Stored data entries
------------------------------------

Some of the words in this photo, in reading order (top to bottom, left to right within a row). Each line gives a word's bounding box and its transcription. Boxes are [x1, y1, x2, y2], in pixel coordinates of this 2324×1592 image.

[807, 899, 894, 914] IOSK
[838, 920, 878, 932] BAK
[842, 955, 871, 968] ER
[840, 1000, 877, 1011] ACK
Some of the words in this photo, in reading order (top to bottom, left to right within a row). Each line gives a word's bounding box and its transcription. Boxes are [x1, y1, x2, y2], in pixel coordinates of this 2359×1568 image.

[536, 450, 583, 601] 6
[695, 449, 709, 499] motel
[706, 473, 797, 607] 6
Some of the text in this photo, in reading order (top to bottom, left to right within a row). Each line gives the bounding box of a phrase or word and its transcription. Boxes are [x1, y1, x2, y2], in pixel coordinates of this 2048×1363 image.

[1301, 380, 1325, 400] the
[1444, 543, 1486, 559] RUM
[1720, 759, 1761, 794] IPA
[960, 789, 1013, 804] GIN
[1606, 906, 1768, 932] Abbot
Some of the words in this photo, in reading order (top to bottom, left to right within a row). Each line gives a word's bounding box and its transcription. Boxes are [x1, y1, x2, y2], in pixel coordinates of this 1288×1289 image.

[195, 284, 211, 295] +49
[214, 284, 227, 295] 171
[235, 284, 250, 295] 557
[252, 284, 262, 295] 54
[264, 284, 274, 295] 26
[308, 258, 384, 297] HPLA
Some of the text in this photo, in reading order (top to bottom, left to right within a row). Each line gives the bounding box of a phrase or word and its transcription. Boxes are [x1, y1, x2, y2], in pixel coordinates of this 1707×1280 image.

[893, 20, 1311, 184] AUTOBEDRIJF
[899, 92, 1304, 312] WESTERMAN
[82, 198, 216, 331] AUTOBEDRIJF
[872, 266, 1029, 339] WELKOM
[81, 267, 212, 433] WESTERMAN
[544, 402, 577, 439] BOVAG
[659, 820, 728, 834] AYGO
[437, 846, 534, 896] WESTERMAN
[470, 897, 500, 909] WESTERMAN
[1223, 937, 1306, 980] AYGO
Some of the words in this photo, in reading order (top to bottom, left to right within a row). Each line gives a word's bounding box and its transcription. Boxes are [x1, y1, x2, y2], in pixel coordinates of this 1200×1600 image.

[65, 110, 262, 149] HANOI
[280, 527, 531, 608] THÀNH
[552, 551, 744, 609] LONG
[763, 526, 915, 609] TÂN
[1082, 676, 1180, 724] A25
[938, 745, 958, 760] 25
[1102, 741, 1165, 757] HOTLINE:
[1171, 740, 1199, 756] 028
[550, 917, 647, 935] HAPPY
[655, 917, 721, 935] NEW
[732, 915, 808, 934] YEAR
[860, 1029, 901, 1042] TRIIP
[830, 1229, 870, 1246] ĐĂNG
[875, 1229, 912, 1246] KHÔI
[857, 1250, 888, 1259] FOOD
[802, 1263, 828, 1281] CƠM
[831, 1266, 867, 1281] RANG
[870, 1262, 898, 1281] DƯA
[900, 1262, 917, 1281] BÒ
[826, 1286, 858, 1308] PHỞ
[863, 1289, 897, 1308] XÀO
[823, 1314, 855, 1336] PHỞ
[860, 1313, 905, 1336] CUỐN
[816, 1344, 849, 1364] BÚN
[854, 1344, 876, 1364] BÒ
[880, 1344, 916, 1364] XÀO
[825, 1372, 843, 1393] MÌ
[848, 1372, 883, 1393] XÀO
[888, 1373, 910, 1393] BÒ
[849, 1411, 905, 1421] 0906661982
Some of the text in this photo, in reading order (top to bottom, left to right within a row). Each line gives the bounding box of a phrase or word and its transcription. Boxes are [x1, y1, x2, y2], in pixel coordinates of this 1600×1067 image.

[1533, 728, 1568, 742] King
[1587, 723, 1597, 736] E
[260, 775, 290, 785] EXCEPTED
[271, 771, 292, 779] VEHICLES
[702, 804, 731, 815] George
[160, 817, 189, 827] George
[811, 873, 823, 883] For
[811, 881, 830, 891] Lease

------------------------------------

**How to complete this task:**
Print the records above exactly as written.

**Finished task:**
Some of the words in this photo, in reading order (top to bottom, left to right within a row). Each line gives a word's bounding box and its transcription. Boxes are [x1, y1, x2, y2], in pixel coordinates of this 2324×1592 image.

[807, 899, 894, 914] IOSK
[838, 920, 878, 932] BAK
[842, 955, 871, 968] ER
[840, 1000, 877, 1011] ACK
Some of the words in this photo, in reading order (top to bottom, left to right within a row). Each line gives a word's bounding box and its transcription. Boxes are [x1, y1, x2, y2], in pixel coordinates of this 2359×1568 image.

[536, 450, 583, 601] 6
[695, 449, 709, 499] motel
[706, 473, 797, 607] 6
Some of the text in this photo, in reading order (top to bottom, left to right within a row). Each line gives the bounding box of a phrase or word and its transcription. Boxes are [x1, y1, x2, y2], in pixel coordinates of this 2048×1363 image.

[1301, 380, 1325, 400] the
[1444, 543, 1486, 559] RUM
[1720, 759, 1761, 794] IPA
[960, 789, 1013, 804] GIN
[1606, 906, 1768, 932] Abbot
Some of the words in this photo, in reading order (top to bottom, left to right within a row). Each line gives a word's bounding box and its transcription. Boxes are [x1, y1, x2, y2], in pixel coordinates of this 1288×1289 image.

[195, 284, 211, 295] +49
[214, 284, 227, 295] 171
[235, 284, 250, 295] 557
[252, 284, 262, 295] 54
[264, 284, 274, 295] 26
[308, 258, 384, 297] HPLA
Some of the text in this photo, in reading order (top to bottom, left to right within a row). Each line gives the bounding box of a phrase or word and its transcription. Boxes are [x1, y1, x2, y2], in pixel coordinates of this 1707×1280 image.

[893, 20, 1311, 184] AUTOBEDRIJF
[899, 92, 1304, 312] WESTERMAN
[82, 198, 216, 331] AUTOBEDRIJF
[872, 266, 1029, 339] WELKOM
[81, 267, 212, 433] WESTERMAN
[544, 402, 577, 439] BOVAG
[659, 820, 728, 834] AYGO
[437, 846, 534, 896] WESTERMAN
[470, 897, 500, 909] WESTERMAN
[1223, 937, 1306, 980] AYGO
Some of the words in this photo, in reading order (top to bottom, left to right within a row). Each line gives a word's bounding box and its transcription. Boxes are [x1, y1, x2, y2], in pixel coordinates of this 1200×1600 image.

[65, 110, 262, 149] HANOI
[280, 527, 531, 608] THÀNH
[552, 551, 744, 609] LONG
[763, 526, 915, 609] TÂN
[1082, 676, 1180, 724] A25
[938, 745, 958, 760] 25
[1102, 741, 1165, 757] HOTLINE:
[1171, 740, 1199, 756] 028
[550, 917, 647, 935] HAPPY
[655, 917, 721, 935] NEW
[732, 915, 808, 934] YEAR
[860, 1029, 901, 1042] TRIIP
[830, 1229, 870, 1246] ĐĂNG
[875, 1229, 912, 1246] KHÔI
[857, 1250, 888, 1259] FOOD
[802, 1263, 828, 1281] CƠM
[831, 1266, 867, 1281] RANG
[870, 1262, 898, 1281] DƯA
[900, 1262, 917, 1281] BÒ
[826, 1286, 858, 1308] PHỞ
[863, 1289, 897, 1308] XÀO
[823, 1314, 855, 1336] PHỞ
[860, 1313, 905, 1336] CUỐN
[816, 1344, 849, 1364] BÚN
[854, 1344, 876, 1364] BÒ
[880, 1344, 916, 1364] XÀO
[825, 1372, 843, 1393] MÌ
[848, 1372, 883, 1393] XÀO
[888, 1373, 910, 1393] BÒ
[849, 1411, 905, 1421] 0906661982
Some of the text in this photo, in reading order (top to bottom, left to right within a row). Each line gives the bounding box of a phrase or word and its transcription. Boxes are [x1, y1, x2, y2], in pixel coordinates of this 1600×1067 image.

[1533, 728, 1568, 742] King
[1587, 723, 1597, 736] E
[260, 775, 290, 785] EXCEPTED
[271, 771, 292, 779] VEHICLES
[702, 804, 731, 815] George
[160, 817, 189, 827] George
[811, 873, 823, 883] For
[811, 881, 830, 891] Lease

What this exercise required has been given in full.